Work instructions:
Leave out the pictures and retype exactly the lines from the one with "this 1920×1080 image." through the end of the records.

Data shown:
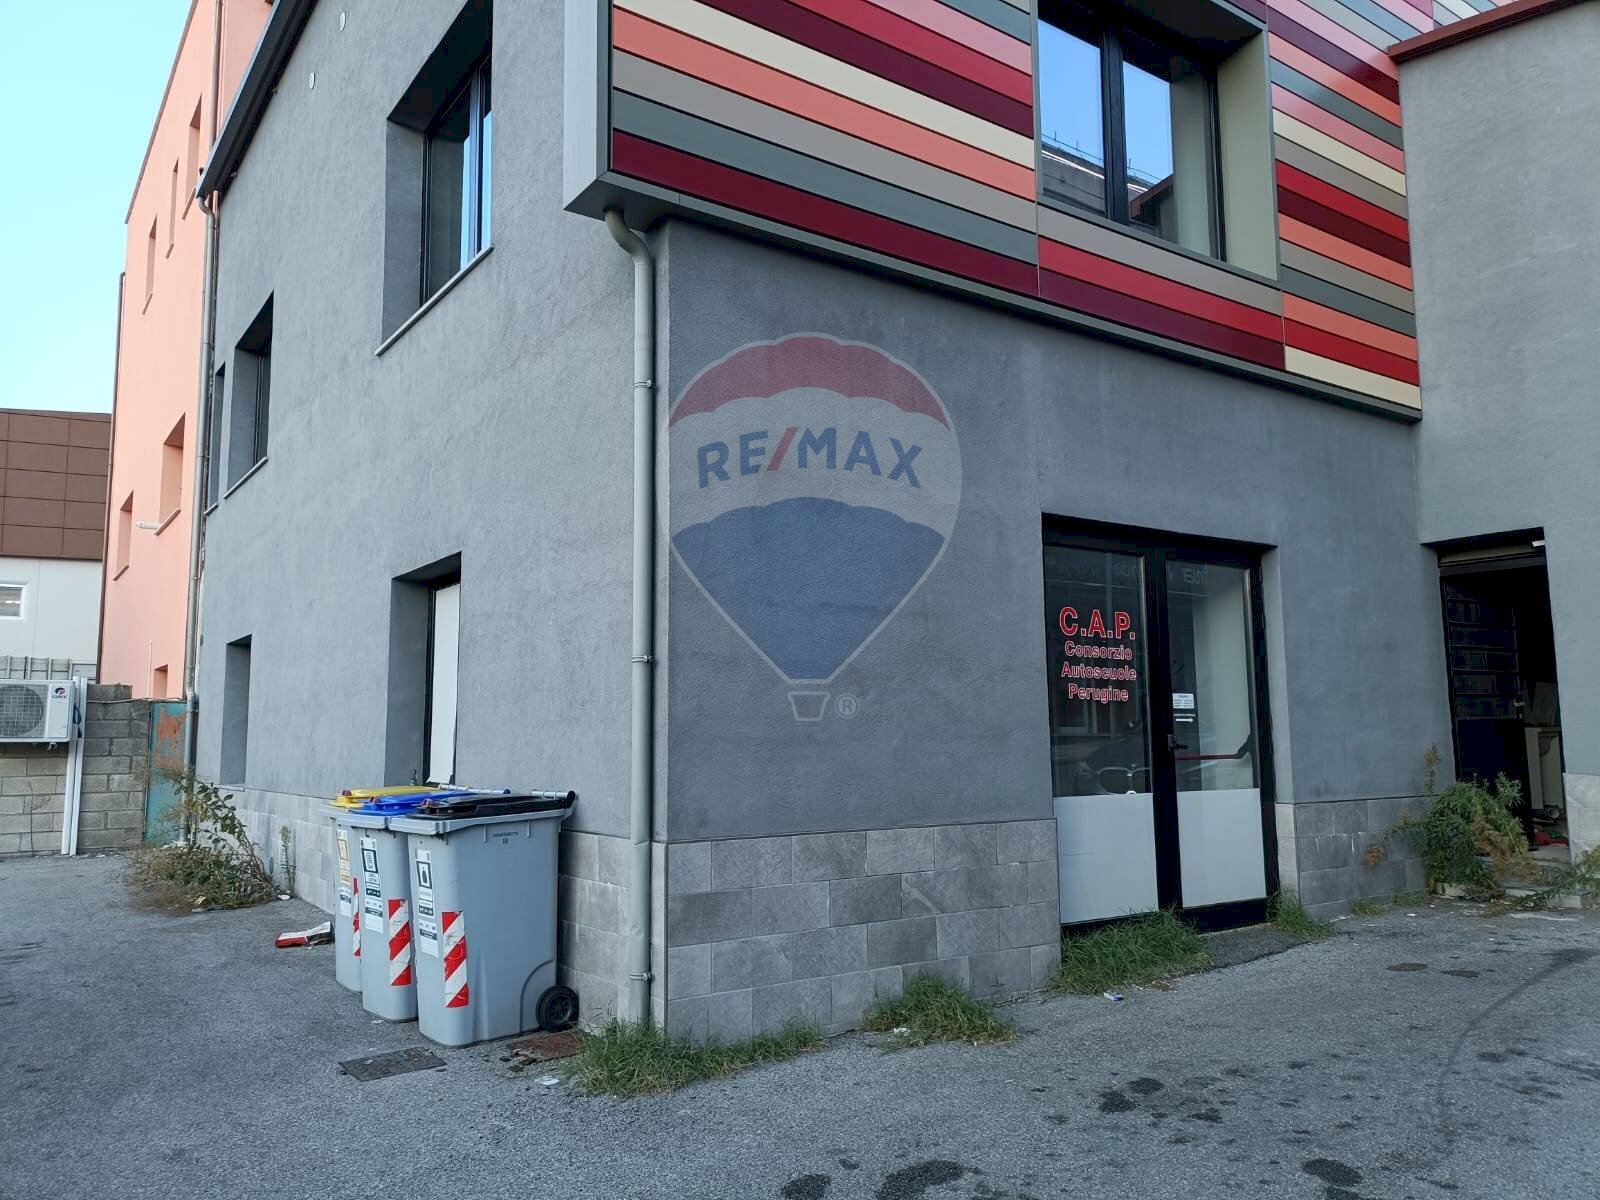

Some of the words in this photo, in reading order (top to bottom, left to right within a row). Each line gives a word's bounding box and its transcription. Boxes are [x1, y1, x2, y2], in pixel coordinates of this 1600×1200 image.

[1059, 606, 1136, 640] C.A.P.
[1064, 641, 1133, 661] Consorzio
[1061, 662, 1137, 681] Autoscuole
[1068, 683, 1129, 704] Perugine
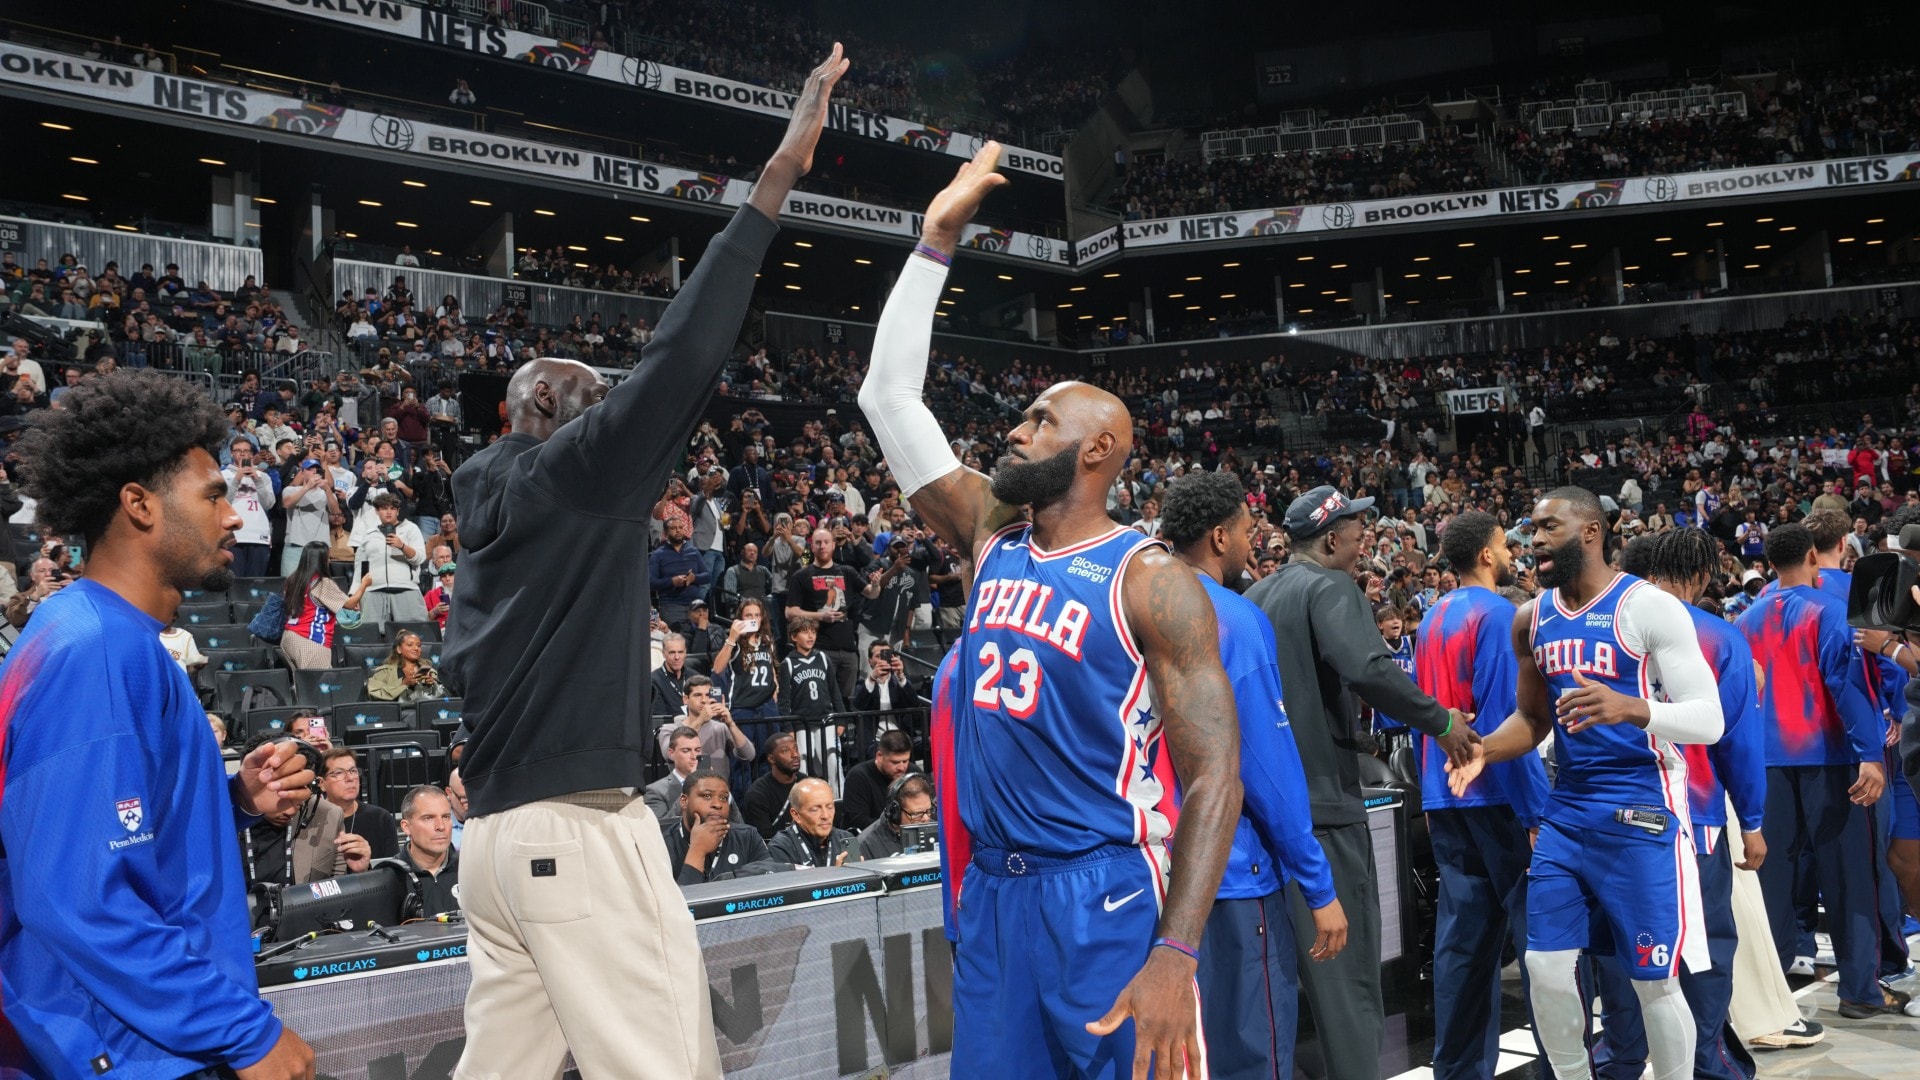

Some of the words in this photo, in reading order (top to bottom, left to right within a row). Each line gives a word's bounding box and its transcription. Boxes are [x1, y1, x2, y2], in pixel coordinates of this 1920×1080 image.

[284, 0, 402, 21] KLYN
[421, 9, 508, 58] NETS
[1, 54, 134, 88] OKLYN
[154, 75, 248, 121] NETS
[1267, 73, 1291, 84] 212
[828, 103, 889, 141] NETS
[428, 136, 580, 168] BROOKLYN
[593, 156, 660, 191] NETS
[1688, 166, 1815, 196] BROOKLYN
[1825, 159, 1890, 185] NETS
[790, 200, 902, 224] BROOKLYN
[1365, 194, 1487, 224] BROOKLYN
[1499, 188, 1560, 213] NETS
[1180, 215, 1239, 241] NETS
[508, 290, 525, 300] 109
[1453, 391, 1501, 412] NETS
[247, 500, 258, 511] 21
[1067, 564, 1109, 584] energy
[1072, 556, 1112, 576] Bloom
[970, 579, 1091, 662] PHILA
[1585, 620, 1612, 628] energy
[1586, 612, 1613, 621] Bloom
[1533, 638, 1620, 679] PHILA
[750, 665, 769, 687] 22
[794, 667, 827, 685] BROOKLYN
[973, 642, 1043, 719] 23
[809, 681, 819, 701] 8
[1370, 796, 1393, 806] BARCLAYS
[109, 840, 130, 850] Penn
[318, 879, 342, 896] NBA
[823, 882, 866, 897] BARCLAYS
[737, 895, 784, 911] BARCLAYS
[1636, 944, 1669, 967] 76
[311, 957, 377, 977] BARCLAYS
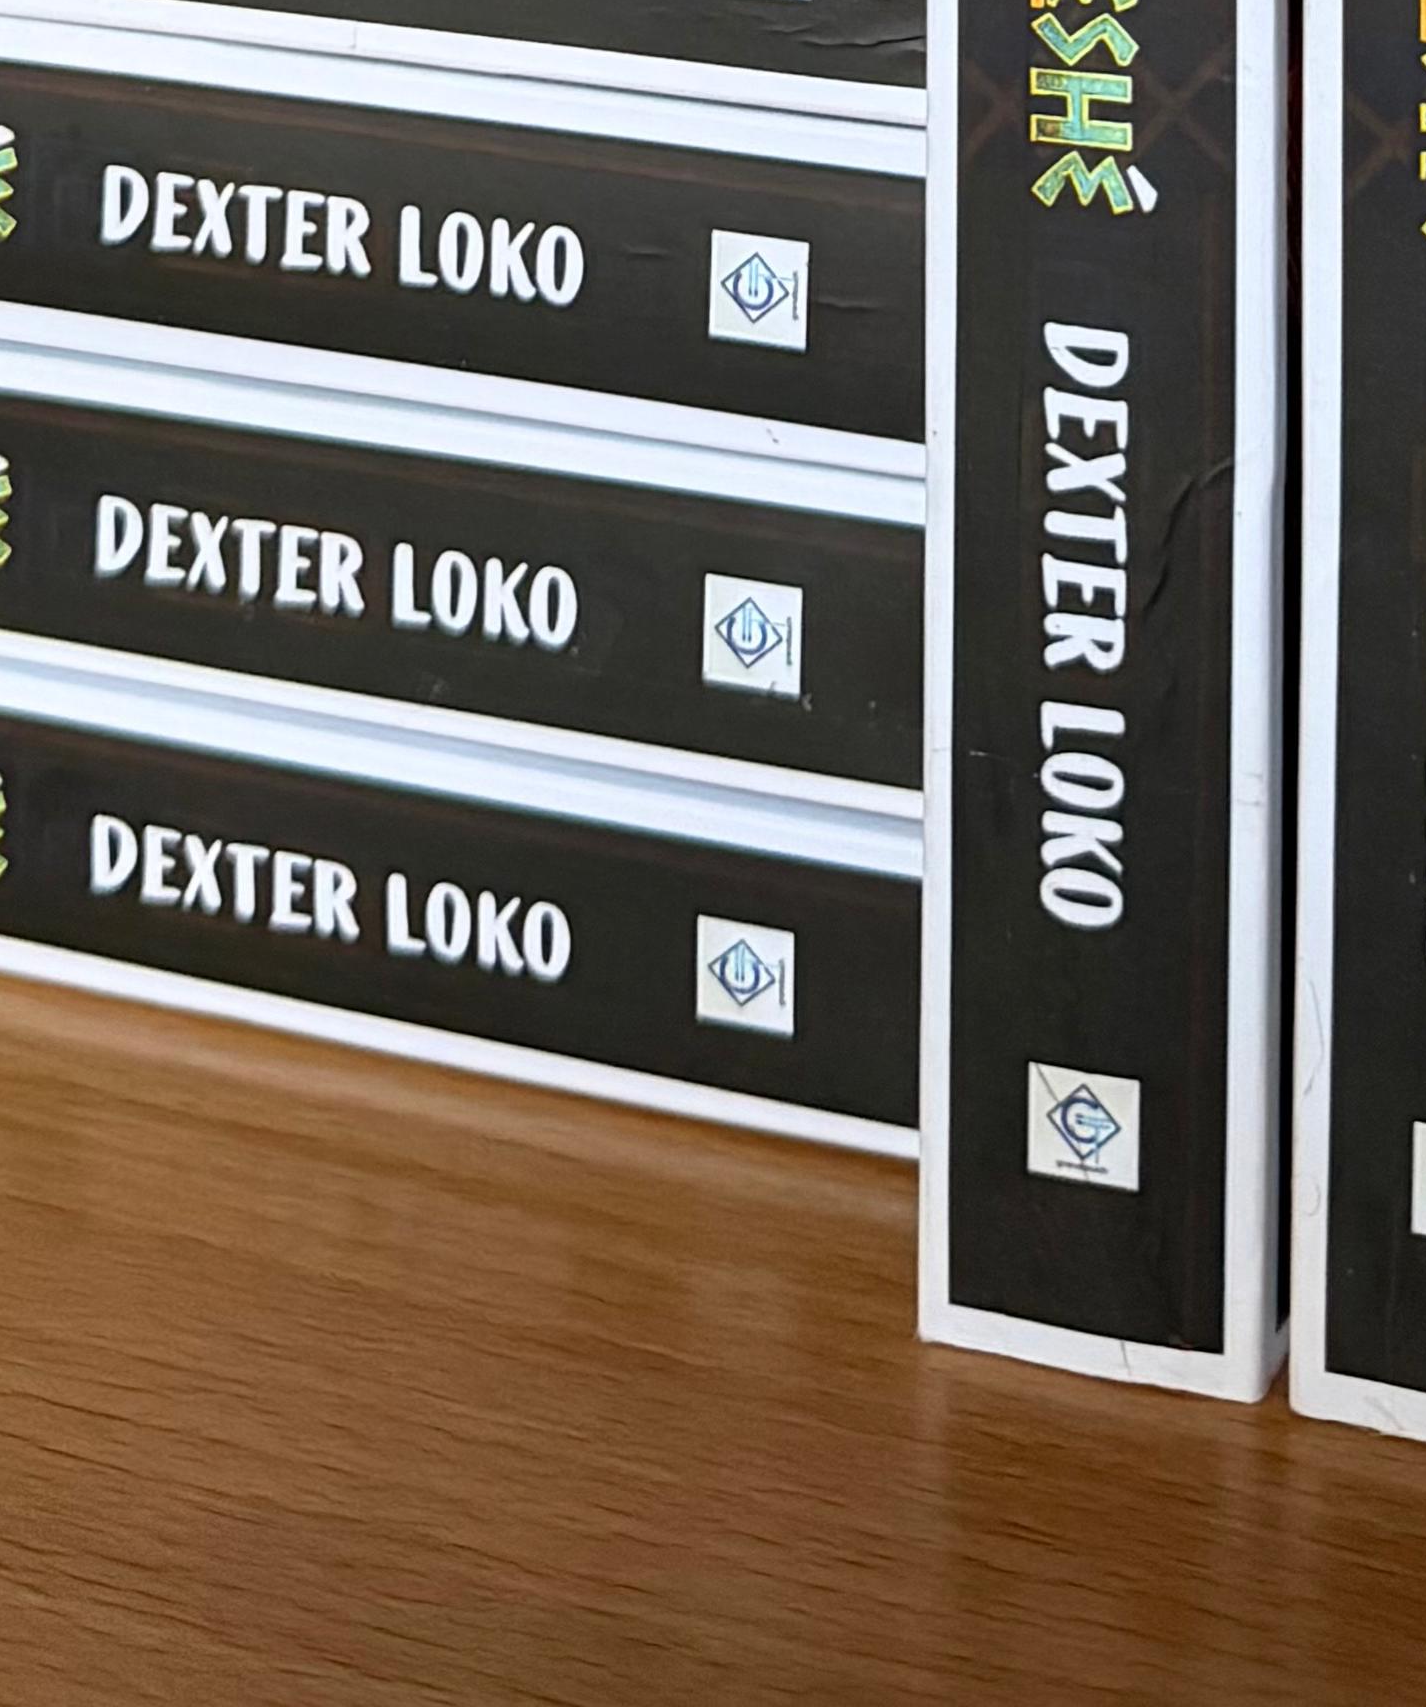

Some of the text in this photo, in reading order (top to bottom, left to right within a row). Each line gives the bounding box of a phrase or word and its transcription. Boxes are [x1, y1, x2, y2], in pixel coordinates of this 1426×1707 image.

Response to the task:
Some of the words in this photo, in reading order (top to bottom, left to right within a row). Each line gives a word's bounding box and its transcription. Boxes are [x1, y1, x2, y2], in pixel coordinates of this 1920×1080 image.

[284, 0, 402, 21] KLYN
[421, 9, 508, 58] NETS
[1, 54, 134, 88] OKLYN
[154, 75, 248, 121] NETS
[1267, 73, 1291, 84] 212
[828, 103, 889, 141] NETS
[428, 136, 580, 168] BROOKLYN
[593, 156, 660, 191] NETS
[1688, 166, 1815, 196] BROOKLYN
[1825, 159, 1890, 185] NETS
[790, 200, 902, 224] BROOKLYN
[1365, 194, 1487, 224] BROOKLYN
[1499, 188, 1560, 213] NETS
[1180, 215, 1239, 241] NETS
[508, 290, 525, 300] 109
[1453, 391, 1501, 412] NETS
[247, 500, 258, 511] 21
[1067, 564, 1109, 584] energy
[1072, 556, 1112, 576] Bloom
[970, 579, 1091, 662] PHILA
[1585, 620, 1612, 628] energy
[1586, 612, 1613, 621] Bloom
[1533, 638, 1620, 679] PHILA
[750, 665, 769, 687] 22
[794, 667, 827, 685] BROOKLYN
[973, 642, 1043, 719] 23
[809, 681, 819, 701] 8
[1370, 796, 1393, 806] BARCLAYS
[109, 840, 130, 850] Penn
[318, 879, 342, 896] NBA
[823, 882, 866, 897] BARCLAYS
[737, 895, 784, 911] BARCLAYS
[1636, 944, 1669, 967] 76
[311, 957, 377, 977] BARCLAYS

Some of the text in this photo, in reading order (top to bottom, left to right within a row). Each line gives the bounding box of a phrase or word and its transcription. Boxes are [x1, y1, x2, y2], in pixel coordinates of this 1426×1707 image.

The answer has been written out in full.